For my part, I would hold that - whether or not a statement in such general terms can be supported – the proposition can be supported in a case (such as the present) where there is no other effective way of ensuring that the interim costs order is satisfied. That, of course, is always subject to what the judge referred to as the overwhelming consideration falling within Article 6: that orders requiring payment of costs as a condition of proceeding with litigation are not made in circumstances where to enforce such an order would drive a party from access to justice. But, for the reasons that the judge explained and to which I have already referred, this was not such a case.

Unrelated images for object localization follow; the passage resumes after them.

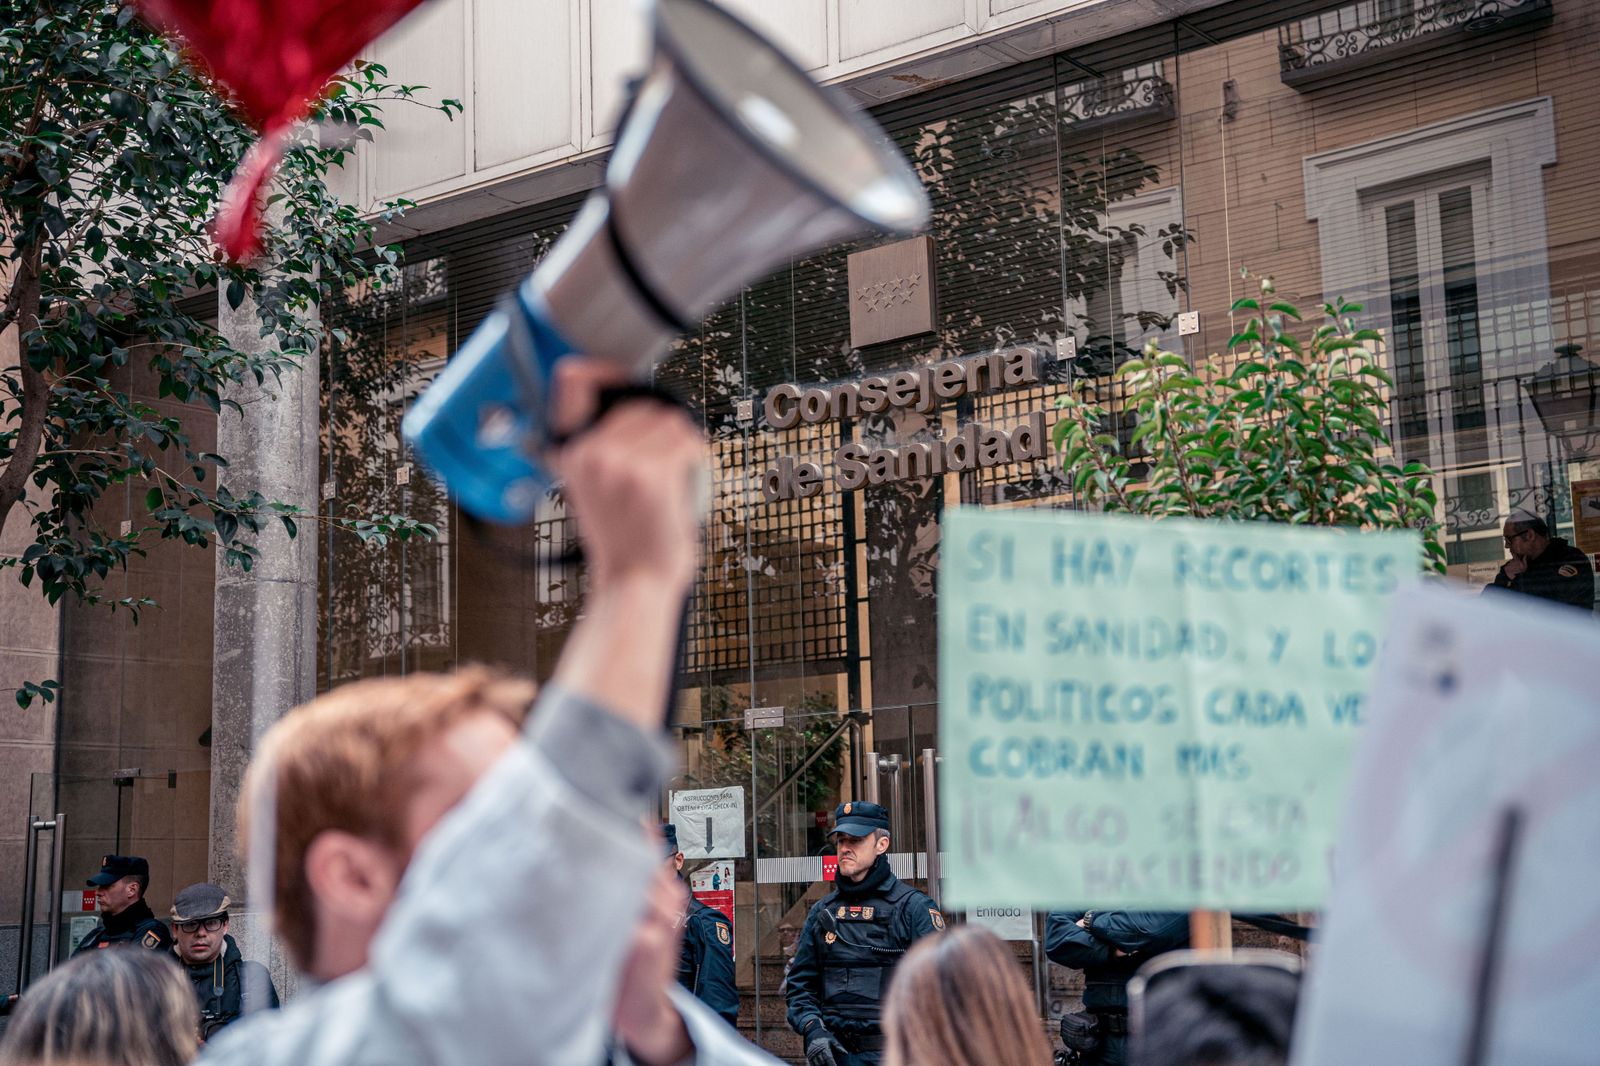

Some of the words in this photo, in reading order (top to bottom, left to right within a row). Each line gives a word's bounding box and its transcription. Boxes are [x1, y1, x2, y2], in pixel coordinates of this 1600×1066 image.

[762, 456, 824, 500] de
[835, 411, 1047, 491] Sanidad
[965, 529, 1017, 584] SI
[1050, 533, 1141, 588] HAY
[1172, 542, 1398, 594] RECORTES
[965, 603, 1028, 655] EN
[1266, 627, 1291, 666] Y
[1323, 629, 1382, 668] LO
[1204, 690, 1309, 728] CADA
[1327, 692, 1372, 726] VE
[966, 736, 1147, 780] COBRAN
[976, 905, 1021, 918] Entrada
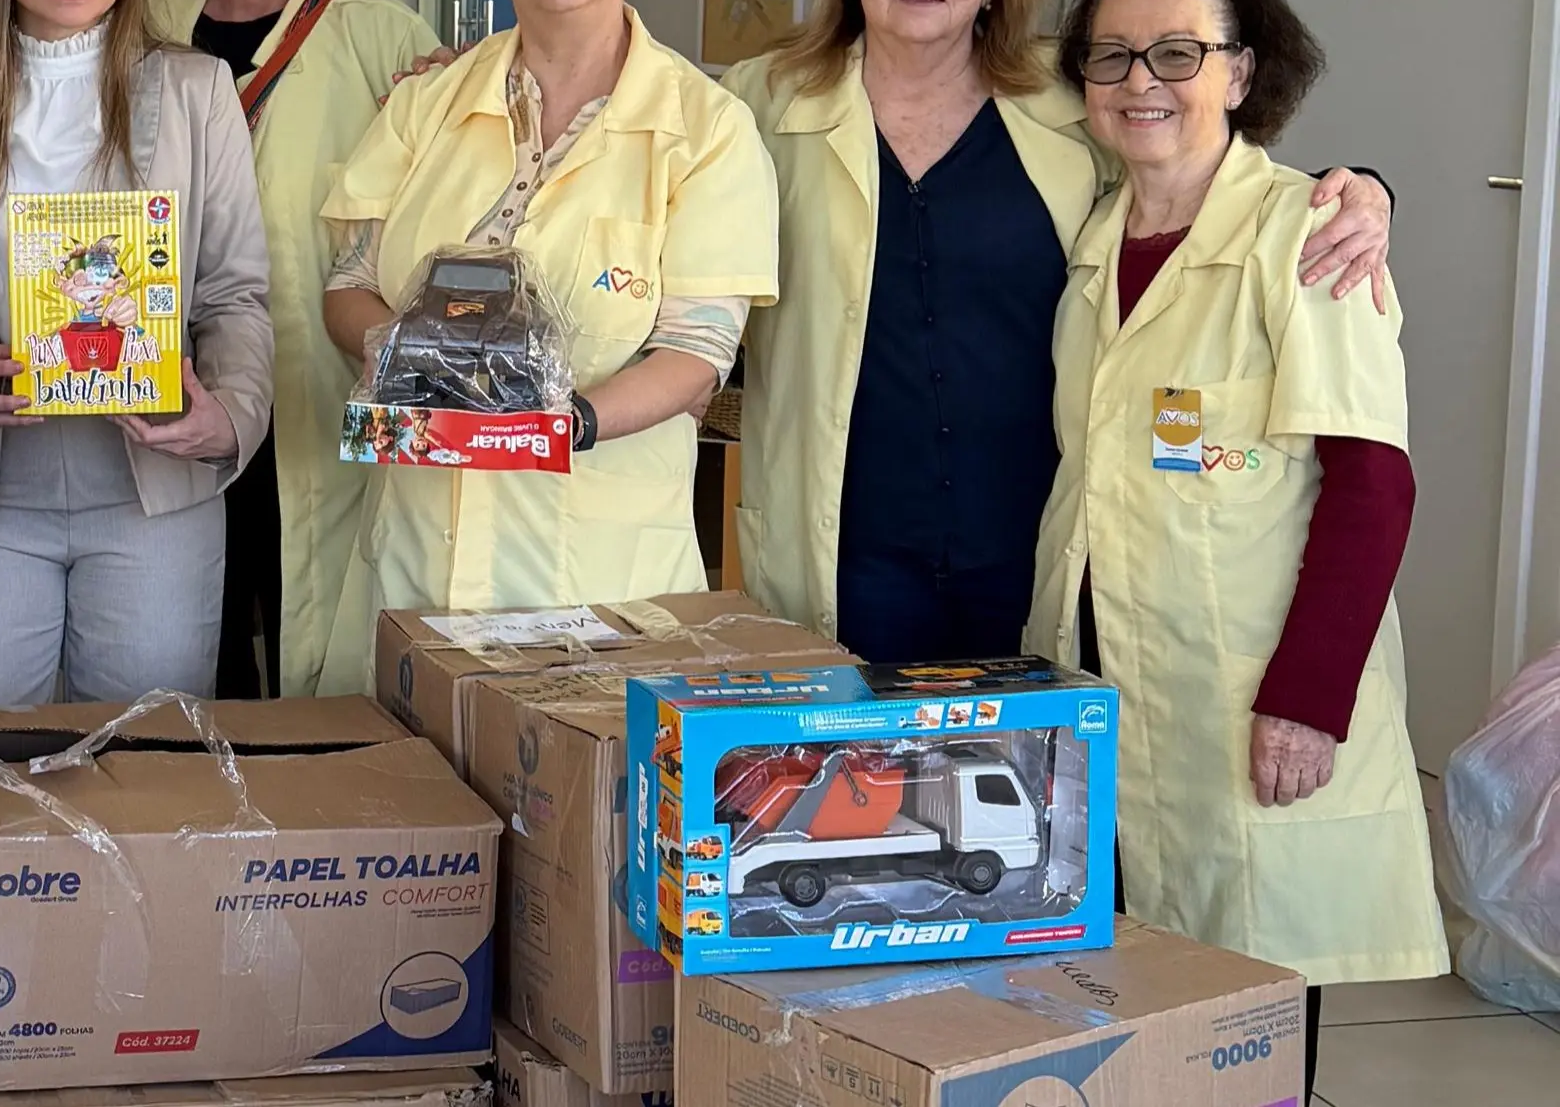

i) The matter is always one for the court's discretion and all relevant circumstances fall to be considered;ii) If the court is not in a position to enforce interlocutory costs orders the force of the sanction is seriously undermined;
iii) Other options apart from the order sought must be considered
iv) It is always important to have regard to Art 6 ECHR. Orders requiring payment of costs as a condition of proceeding with litigation are not made in circumstances where to enforce such an order would drive a party from access to justice.
5. [… ] Second the defendants argue that their current financial status is poor and they ask to defer the costs until the trial in March. […]
[…]
7. As regards the second point, the defendants have produced no evidence to back up their contention about finances. To some extent this also is an attempt to re-argue the issues on 24th October 2011. The reason for summarily assessing the costs thrown away was so that an order for their payment could be made now and in advance of the adjourned trial. The question of the defendants' financial status has been debated before in this litigation and the defendants know that if they wish to make the point they need proper evidence. There is none before me. The order I will make will be an order that the sum I will assess be paid within 21 days
i) Mr Miller submitted that it is apparent the defendants have access to legal advice. That is clear but I do not regard it as concrete evidence of access to funds. The advice could be pro bono although the defendants have never said that it is.ii) The day after the trial was adjourned, which was another occasion on which they told the court they had no money, the first defendant started fresh legal proceedings before the EPO against the claimant in respect of another of the claimant's patents. (EP 2 141 540) The patent may be in the same family as the patent in suit but that does not matter. The first defendant has professional representation in those proceedings.
iii) Since the trial of the preliminary issue the first defendant has found the means to move offices and take a lease on a studio in Portland Place in the West End of London. As Mr Miller submits, that is hardly a cheap location.